Knights of the Old Republic - Lightsaber Battle

A Really Long Time Ago, In A Galaxy Far Away

Knights of the Old Republic takes place roughly 4000 years before the events of the cinematic universe, which means you won’t be seeing any Yodas, Sam Jacksons, or sand-hating crybabies. What you will see, however, is a galaxy at war, hundreds of Dark Jedi and a brand-spanking-new plot that is not afraid to throw caution to the wind and blow your socks off.

You play as an unnamed nobody who wakes up onboard a Republic ship under siege. The Sith are on board, everyone is dying, and Trask Ulgo, the man of many memes and owner of the galaxy’s largest set of stones, has come asking for aid. You make your way to the escape pods, land on a nearby planet, and the story begins.

Despite being a slow RPG from a time that loved slow RPGs, Knights of the Old Republic starts with a bang to grab your attention before simmering down a notch to let the world sink in. The galaxy may be in flames, but Knights of the Old Republic is not interested in telling that story. It serves more as a backdrop. Like the neighborhood peeper, the grand scheme occasionally sneaks into view and reminds you to keep your blaster close.

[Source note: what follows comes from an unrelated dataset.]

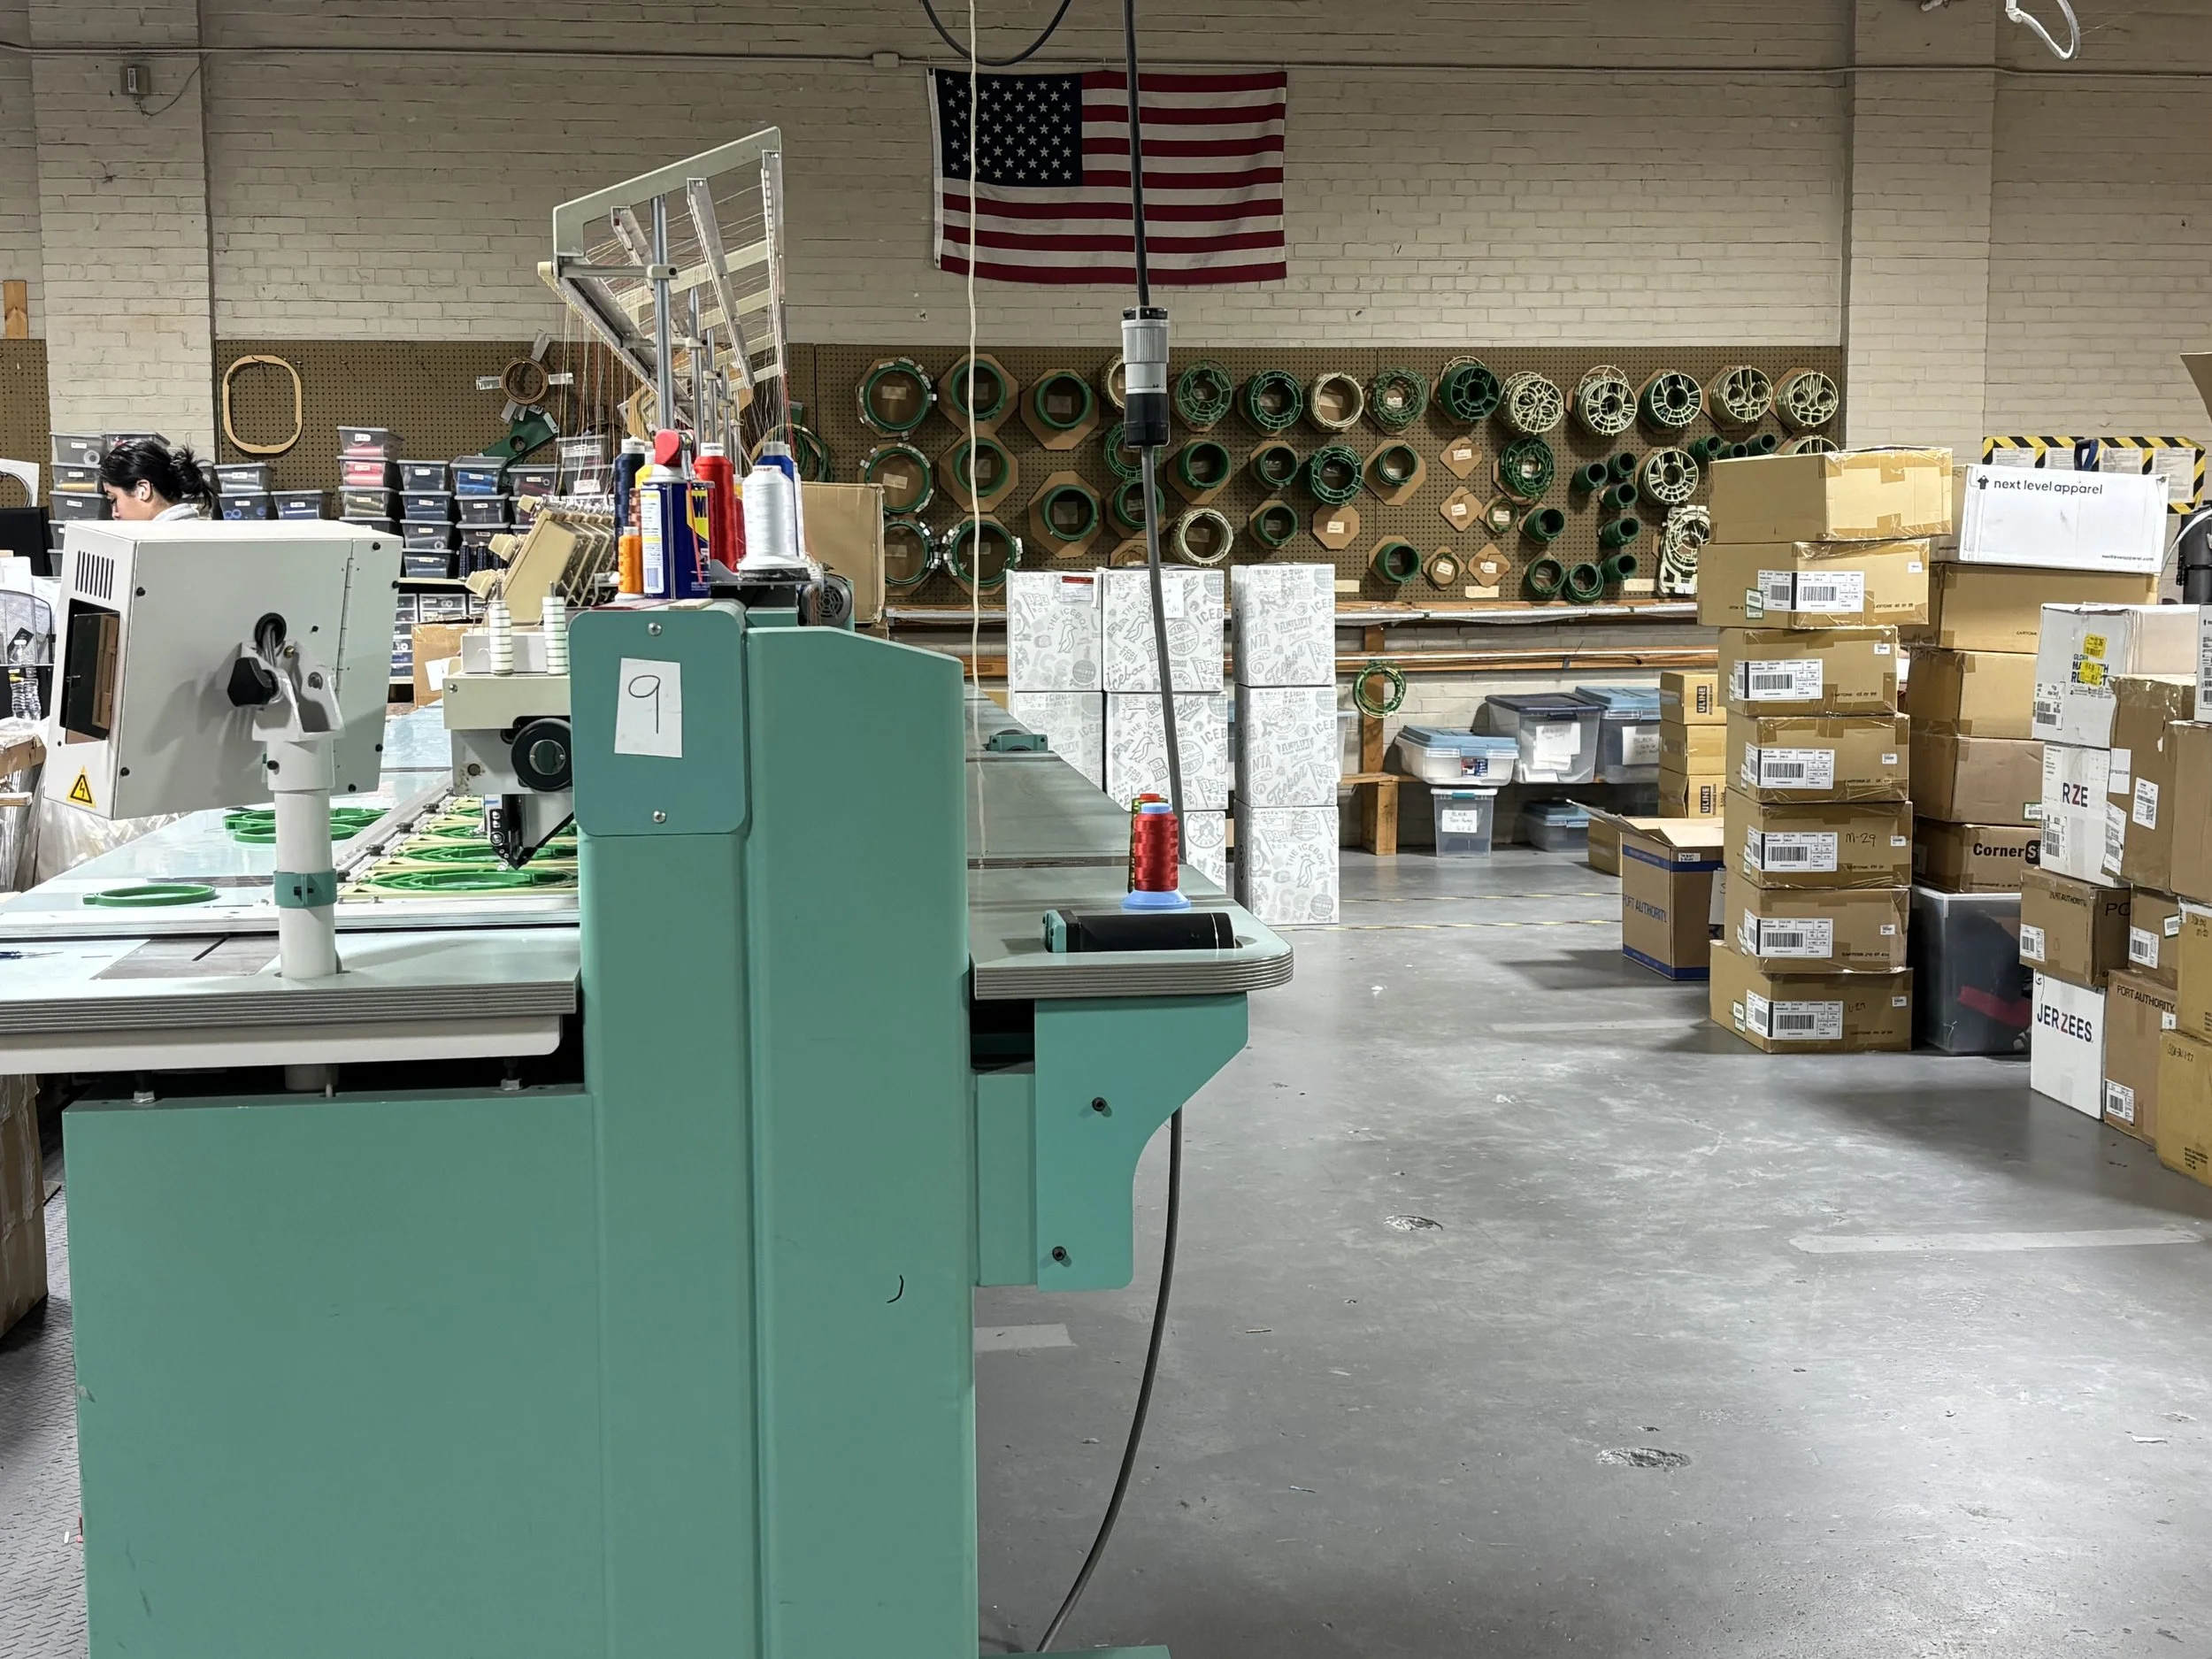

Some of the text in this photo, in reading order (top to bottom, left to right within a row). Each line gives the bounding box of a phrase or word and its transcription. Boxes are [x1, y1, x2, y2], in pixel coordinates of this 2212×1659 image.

Knights of the Old Republic - Bantha

Small Scale Stories 

Knights of the Old Republic is much more concerned with bringing the story down and focusing on small-scale conflicts, personal trauma, and character development. This is also where it shines. Games may have progressed in the last two decades, but Knights of the Old Republic still managed to get me invested in the large and varied cast, their backgrounds, and their progression.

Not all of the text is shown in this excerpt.